More shocking money laundering allegations as a pair of reports were made public painting a picture of a staggering amount of dirty money being pumped in to the lower mainland real estate market.
The Peter German phase two report and the report from an expert panel determined last year alone there was $7.4-billion of dirty money laundered in B.C, $47-billion across Canada.
In 2018 5.3 billion of that dirty money was spent on real estate.
The German report also found the infusion of illicit money led to a frenzy of buying that raised the assessed values of homes throughout much of Metro Vancouver.
Attorney General Dave Eby says he was unprepared for the scope of the findings.
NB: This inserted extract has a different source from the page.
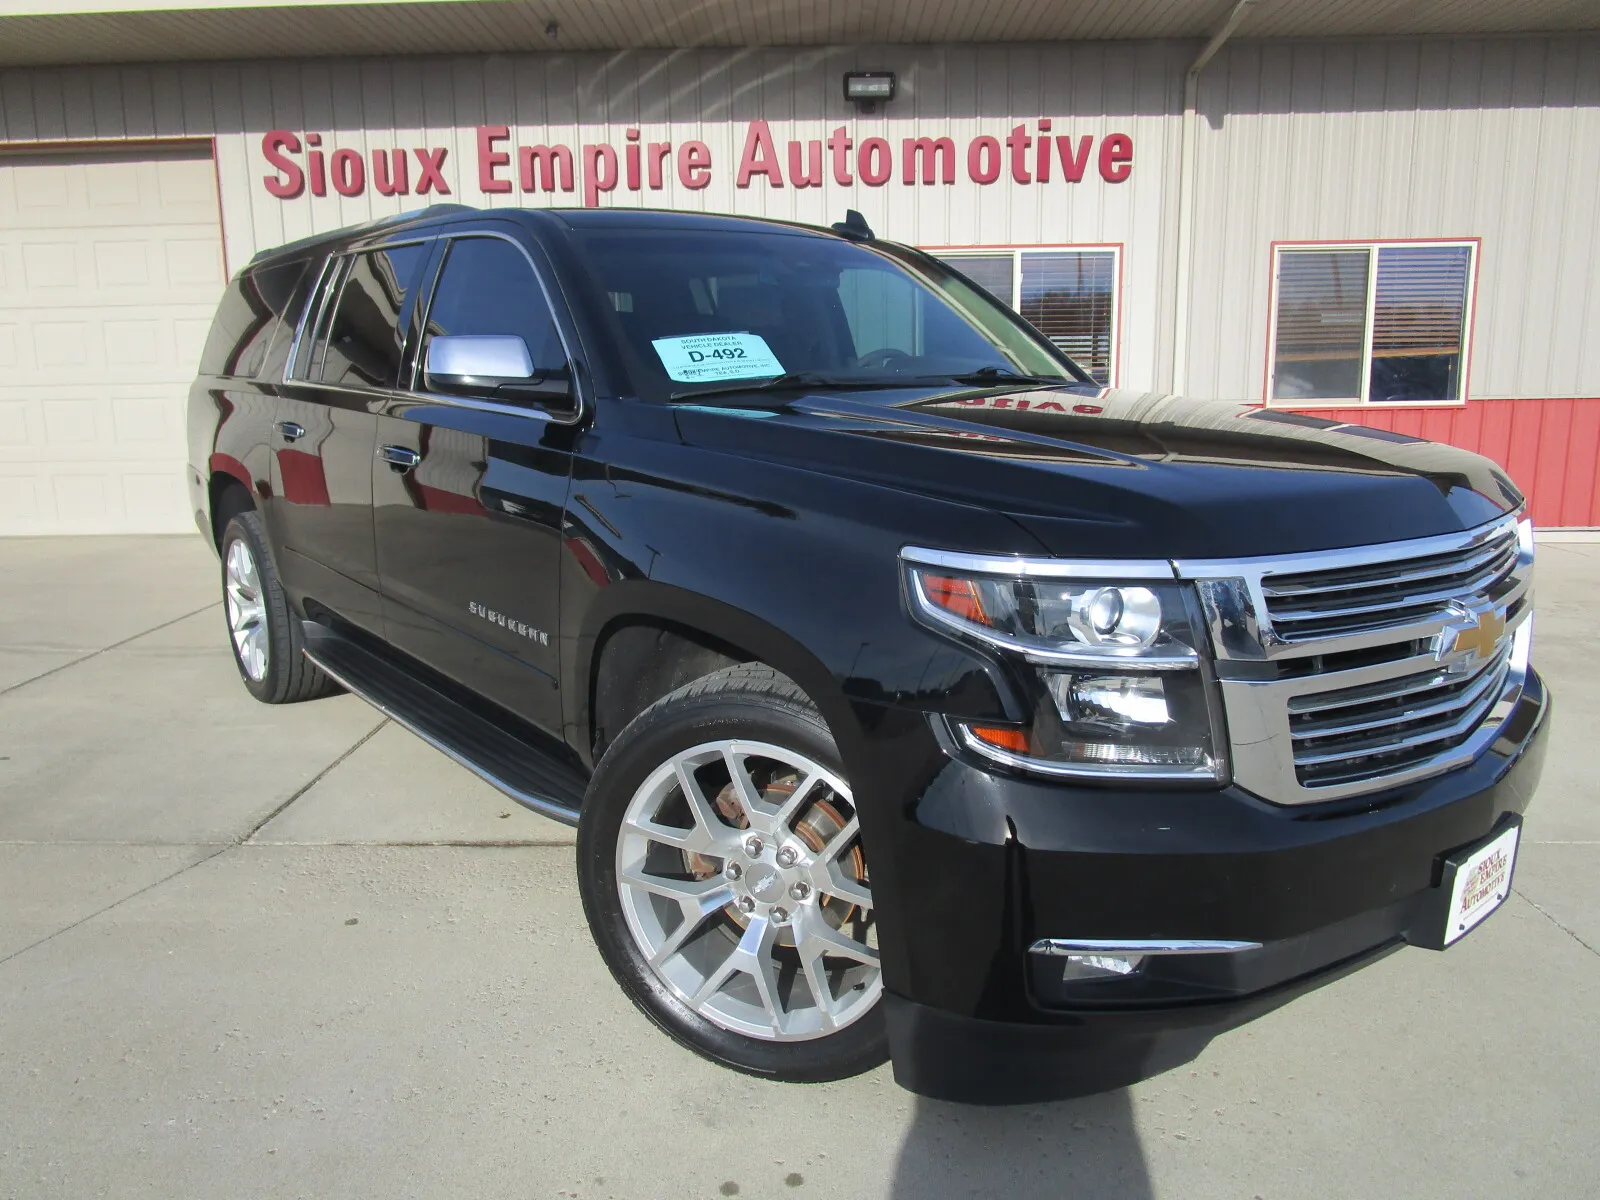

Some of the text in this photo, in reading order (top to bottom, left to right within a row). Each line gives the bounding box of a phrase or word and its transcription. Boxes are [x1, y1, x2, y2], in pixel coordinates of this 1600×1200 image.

“These findings are stark evidence of the consequences of the absence of oversight, the weakness of data collection, and the total indifference from governments, until now, to this malignant cancer on our economy and our society.”
Eby says the evidence is clear with Peter German’s report finding a shocking number of people with no apparent income going on real estate shopping sprees.
“Students and homemakers going on real estate buying sprees. A student who had a registered address at a rented office outside of B.C. who bought 15 properties in the same condo building for almost $30 million. A homemaker who bought for than a dozen downtown row-houses over three years for over $4.1 million. And another homemaker who over three years bought five luxury homes worth $21 million.”
The expert panel report found the dirty cash was behind a 5% increase in the housing market overall.
The report makes 29 recommendations, which the province is taking a close look at.
Finance minister Carole James says the province will take those recommendations seriously.
“We need to put a work plan together. As I think has been pointed out there are a lot of recommendations and we need to prioritize them. That is the discussion we will be having. We will take a look at what we are able to move on. I can certainly say that all the recommendations look critical.”
Both James and Eby noted cooperation and resources from the federal government is vital and while the relationship with Ottawa is good on this file Eby pointed out any changes at FinTrac, the federal financial reporting agency, have been painfully slow.